Glen Powell is great at portraying a fake hitman in Richard Linklater’s Hit Man (now streaming on Netflix). He’s also a great sport who knows when to trust Sydney Sweeney’s intuition, and who knows, he might be great at wrangling tornadoes in Twister too.
He’s also an entertaining storyteller, but did Glen Powell unknowingly repeat an urban legend while speaking with Jake Shane on the Therapuss podcast in late May? It sure feels like that’s the case (at the 22:00 mark ^^^ in the above video), but the “crazy story” (as Glen begins the tale) is now going viral:
MY JAW DROPPED????? pic.twitter.com/QWunzdglmv
— tabitha (@cinedruig) June 8, 2024
Glen related an account that sounds like it belongs in Fresh (the movie starring Sebastian Stan as a cannibal who kidnaps Daisy Edgar-Jones). The account apparently came from his sister, who “was friends with a girl who went on a date with a guy.” She went to his apartment, and he offered to give her a massage. Then this “black market lotion” scenario arrived from Glen’s mouth:
“He starts massaging her shoulders. Everything just feels odd. She’s like, ‘I gotta get out of here.’ It’s a little weird … she leaves. Her skin starts itching like crazy the next day. She goes to the doctor … it turns out it’s a black market lotion that breaks down skin for human consumption. This man was rubbing lotion on her body to eat her. The doctor is like you have to give me this person’s address and you should call the police. They go to this guy’s house, and he had several bodies in the house.”

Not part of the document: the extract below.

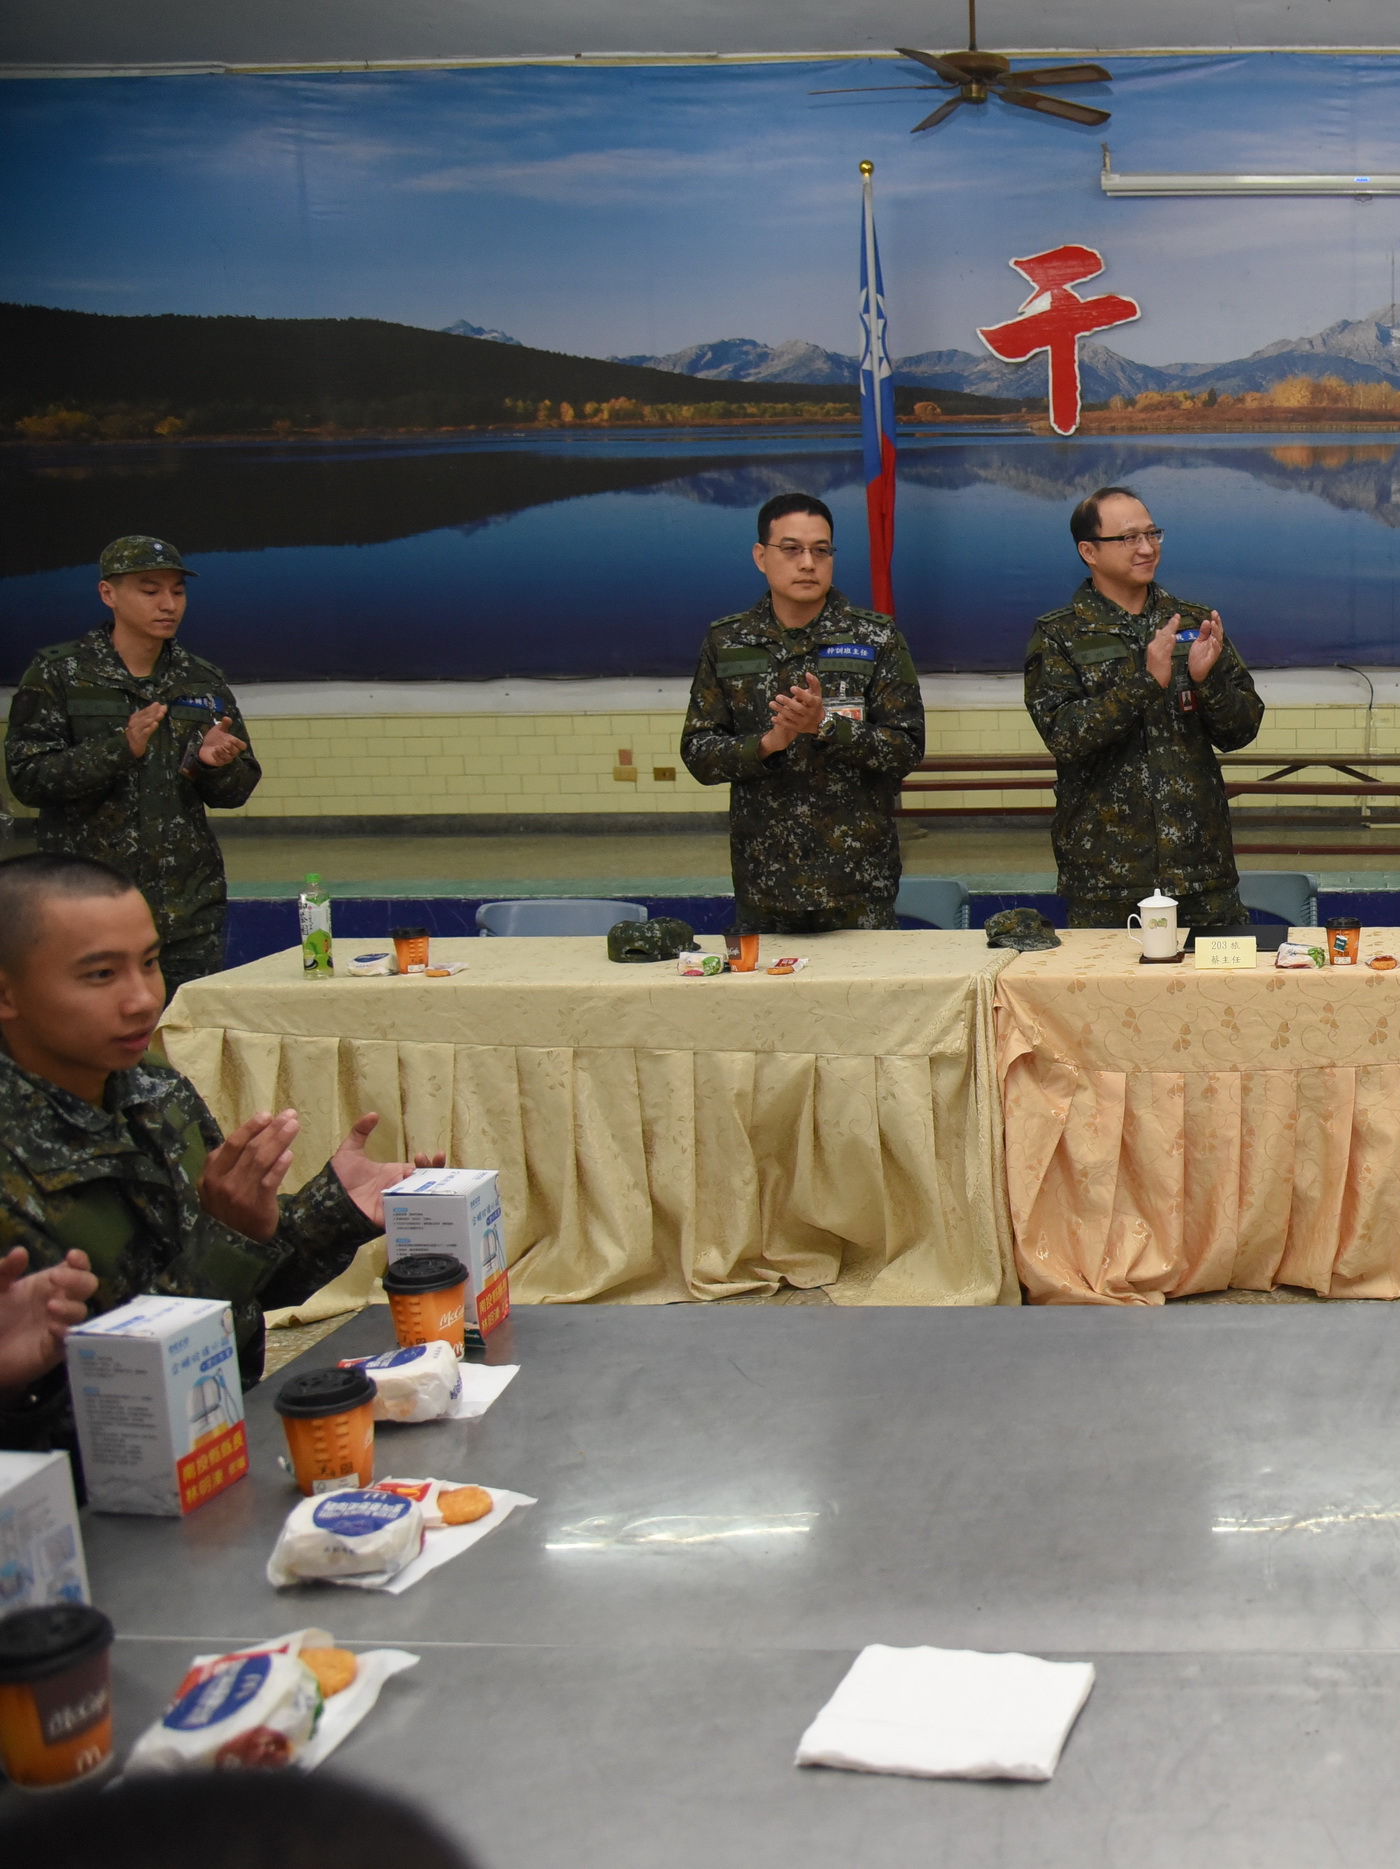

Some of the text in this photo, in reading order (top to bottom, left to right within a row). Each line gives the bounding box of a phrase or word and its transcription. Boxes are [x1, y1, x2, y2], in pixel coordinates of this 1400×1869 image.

Yup, that’s enough to freak people out. A few examples:
just saw glen powell saying a girl he knows went on a date with a cannibal from a dating app and didn’t know it so great new fear unlocked!!!!!!
— Rachel Leishman (@RachelLeishman) May 26, 2024
ok but that’s actually terrifying what
— emy (@emysbill) June 8, 2024
it’s crazy that cannibalism is actually a thing that happens. like WHAT?!?!?
— steven (@arianaunext) June 8, 2024
So, real or not real? Skepticism also arose from Buzzfeed, and it sure sounds like this is a variant on an urban legend that Snopes deemed false.
In all likelihood, Glen was simply relaying a story that knocked him down, and people are reacting accordingly. Of course it’s really bad idea to go back home with a stranger and then accept a massage, but this probably did not happen, and it almost certainly did not happen without making national news. Or so you’d think! (Watch out for secret cannibals, y’all.)